- Born: Walter Ernest How 25 December 1885 Bermondsey, London, England
- Died: 5 August 1972 (aged 86) London, England
- Military career
- Allegiance: United Kingdom
- Branch: British Merchant Navy
- Rank: Able seaman
- Expeditions: Imperial Trans-Antarctic

= Walter How =

English sailor (1885–1972)

Walter Ernest How (25 December 1885 – 5 August 1972) was an English sailor, known for taking part in the Ernest Shackleton-led Imperial Trans-Antarctic Expedition from 1914 to 1917.
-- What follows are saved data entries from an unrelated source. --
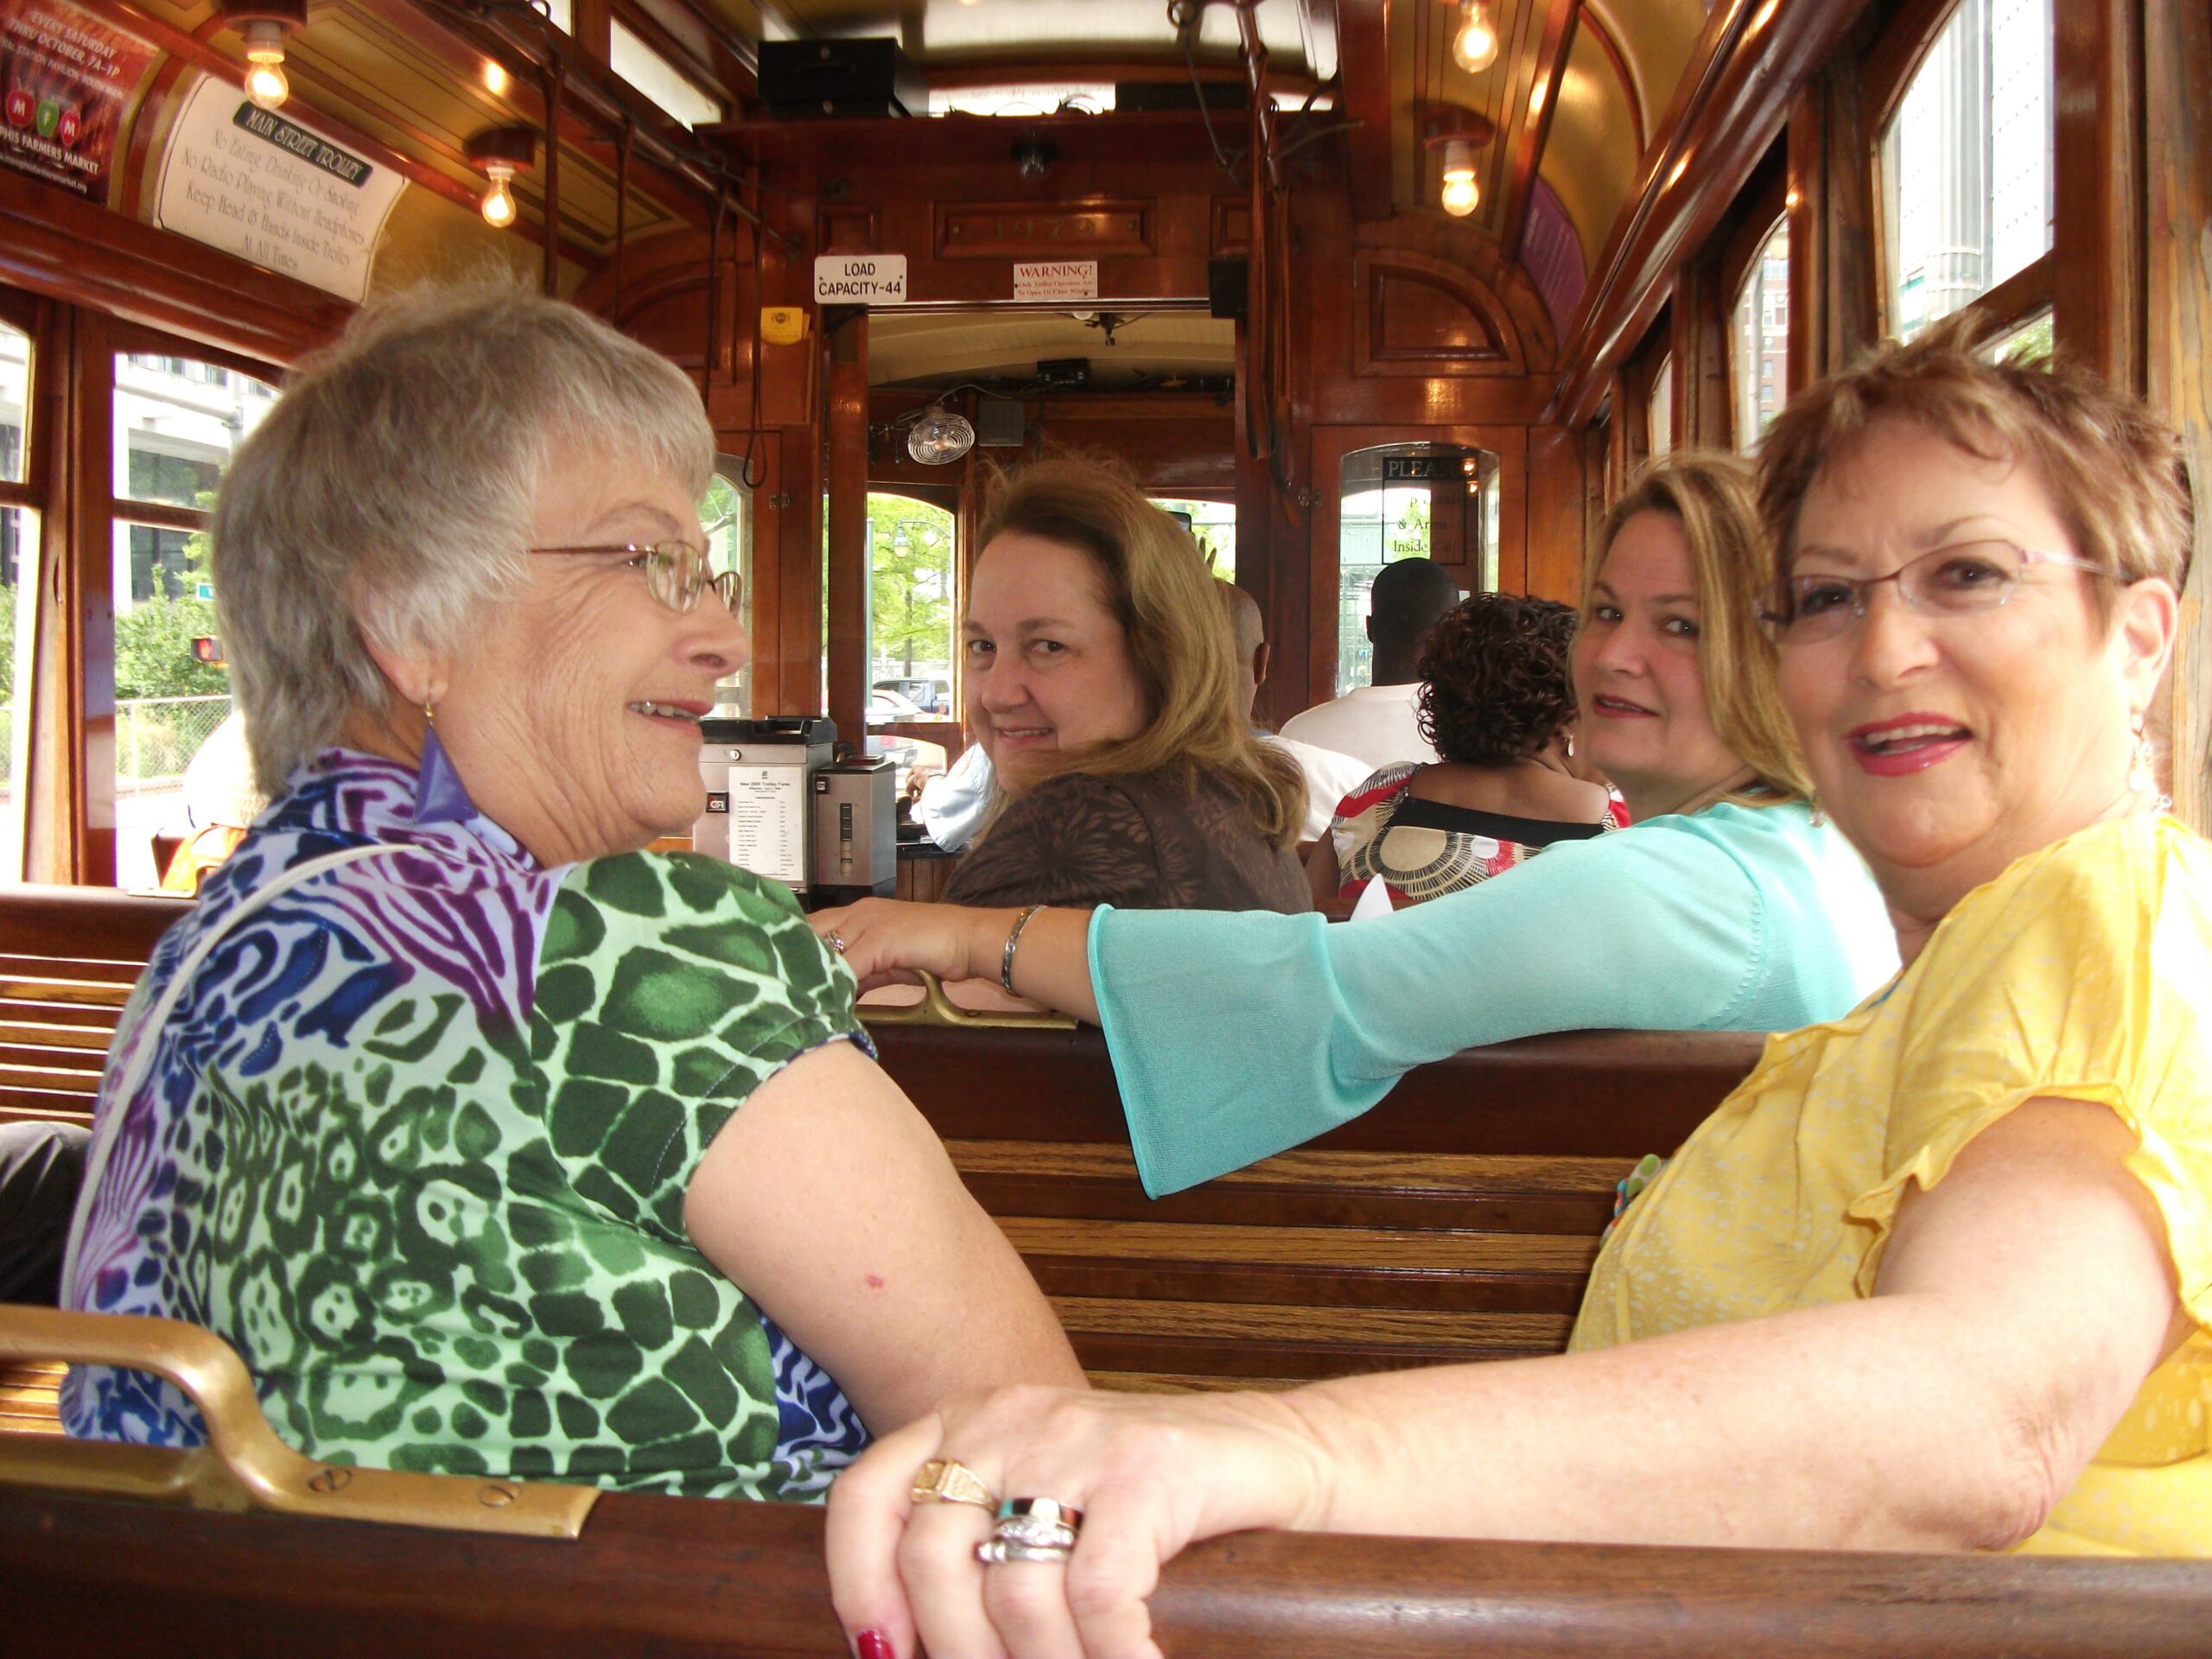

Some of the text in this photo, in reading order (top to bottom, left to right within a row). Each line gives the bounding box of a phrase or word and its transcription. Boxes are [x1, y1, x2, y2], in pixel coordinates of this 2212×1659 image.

[9, 18, 38, 40] THRU
[31, 12, 117, 59] EVERY SATURDAY
[14, 99, 26, 117] M
[213, 130, 227, 149] No
[246, 110, 364, 181] MAIN STREET TROLLEY
[22, 135, 63, 162] FARMERS
[64, 149, 99, 175] MARKET
[182, 148, 198, 169] No
[200, 156, 234, 185] Radio
[237, 172, 272, 210] Playing
[276, 190, 312, 222] Without
[187, 180, 352, 266] Keep Head & Hands Inside Trolley
[273, 245, 299, 270] Times
[844, 263, 876, 276] LOAD
[1020, 264, 1093, 277] WARNING!
[818, 282, 901, 296] CAPACITY-44
[1398, 518, 1407, 530] &
[1394, 539, 1428, 552] Inside
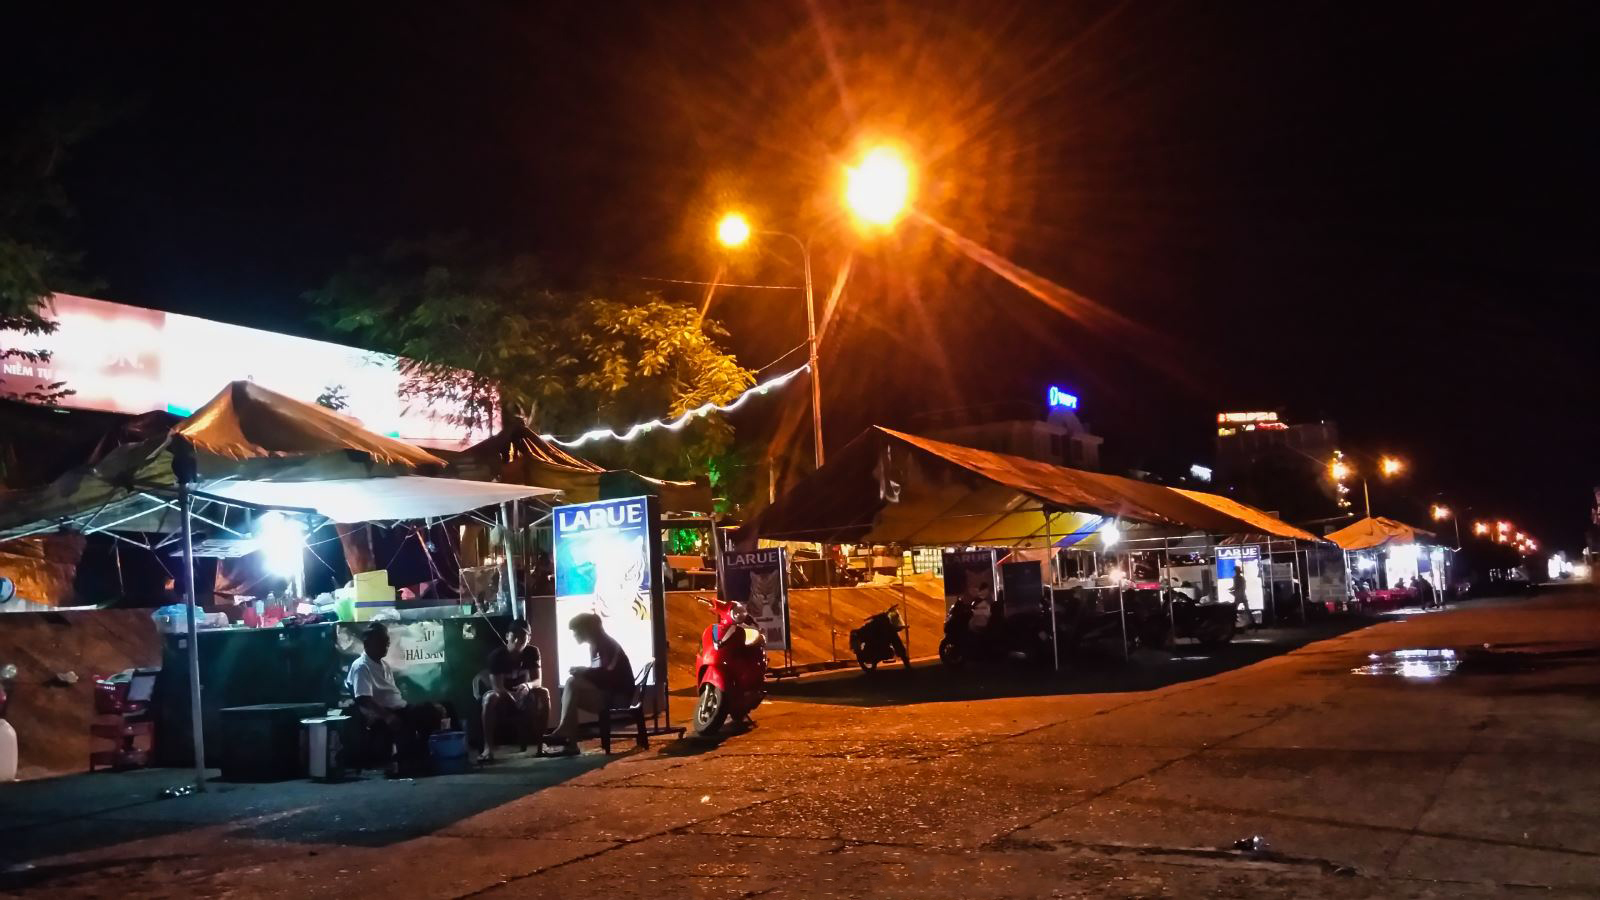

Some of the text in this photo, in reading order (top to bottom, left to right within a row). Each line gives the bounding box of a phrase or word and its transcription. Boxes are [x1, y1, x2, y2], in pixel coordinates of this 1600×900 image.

[559, 503, 642, 532] LARUE
[726, 551, 778, 566] LARUE
[1218, 548, 1258, 557] LARUE
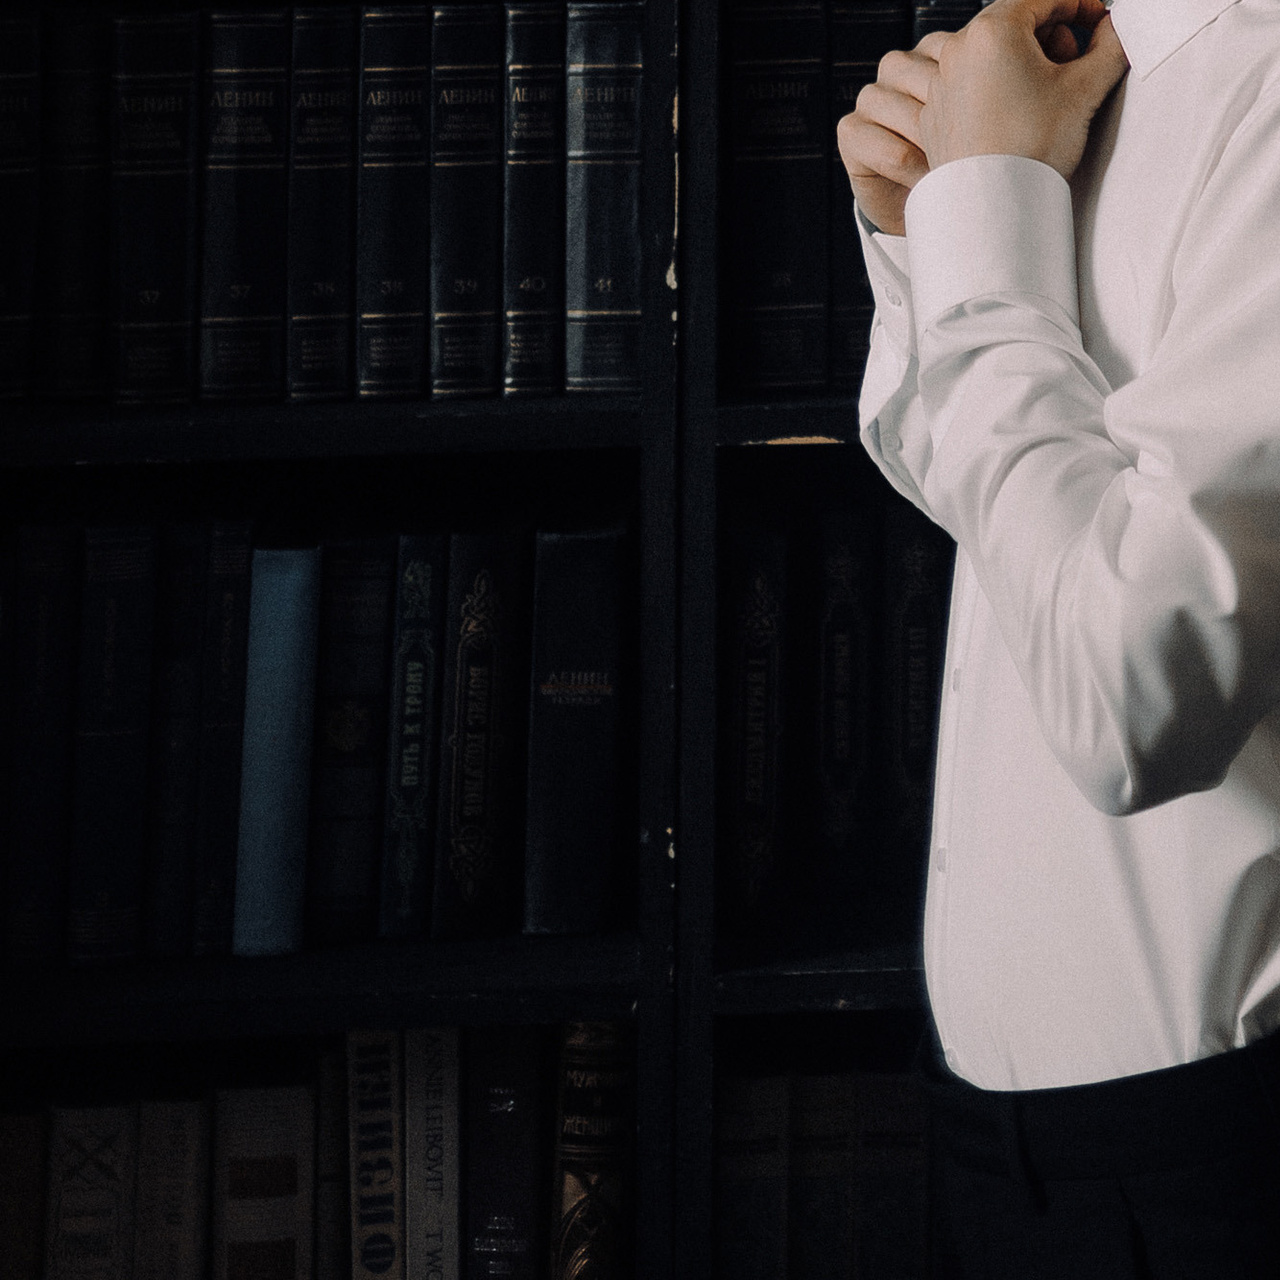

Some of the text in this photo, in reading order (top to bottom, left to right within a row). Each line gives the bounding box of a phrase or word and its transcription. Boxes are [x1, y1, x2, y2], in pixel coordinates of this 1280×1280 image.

[210, 90, 275, 108] ЛЕНИН
[365, 89, 422, 107] ЛЕНИН
[438, 88, 496, 106] ЛЕНИН
[229, 283, 252, 300] 37
[518, 275, 547, 292] 40
[593, 276, 614, 293] 41
[138, 289, 162, 306] 37
[549, 670, 611, 685] ЛЕНИН
[400, 660, 426, 788] ПУТЬ К ТРОНУ
[462, 664, 489, 818] БОРИС ГОДУНОВ
[425, 1034, 444, 1100] ANNIE
[425, 1104, 444, 1198] LEIBOVIT
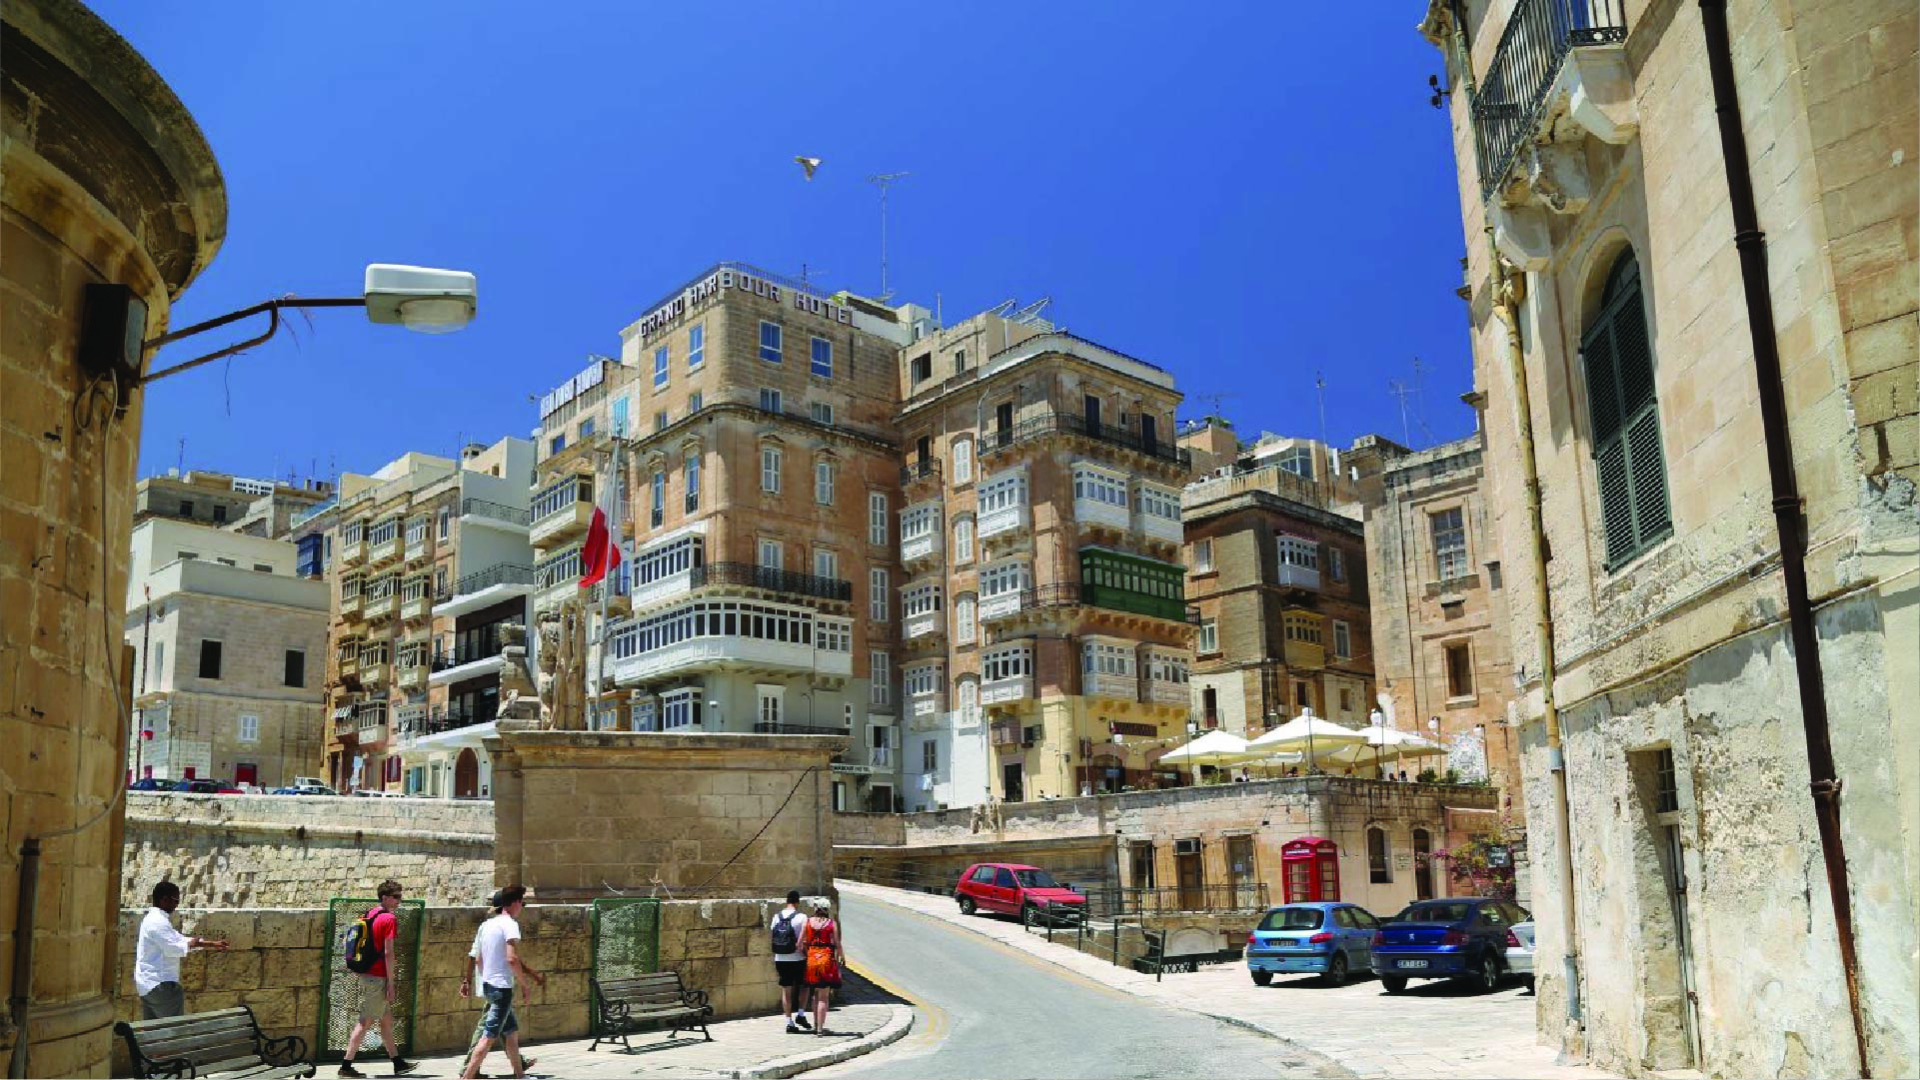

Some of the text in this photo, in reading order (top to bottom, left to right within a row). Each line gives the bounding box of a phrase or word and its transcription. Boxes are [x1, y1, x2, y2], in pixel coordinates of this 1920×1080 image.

[640, 270, 861, 338] GRAND HARBOUR HOTEL
Born in Bermondsey, London, he became a sailor when he was 12 years old. He married Helen Varey in 1913, and his first daughter was born only six weeks before his departure on the .

When the Endurance made a stop at Buenos Aires en route to the Antarctica, How, along with William Bakewell, helped smuggle Perce Blackborow on board as a stowaway. After the Endurance sank, trapped in the sea ice around Antarctica, How was forced to survive upon the icebergs along with the rest of the crew. When they later used the three wooden lifeboats to row to Elephant Island, How was in the Stancomb Wills.

On return to England after their eventual rescue, How was awarded the Polar Medal and joined the Merchant Navy during the Great War.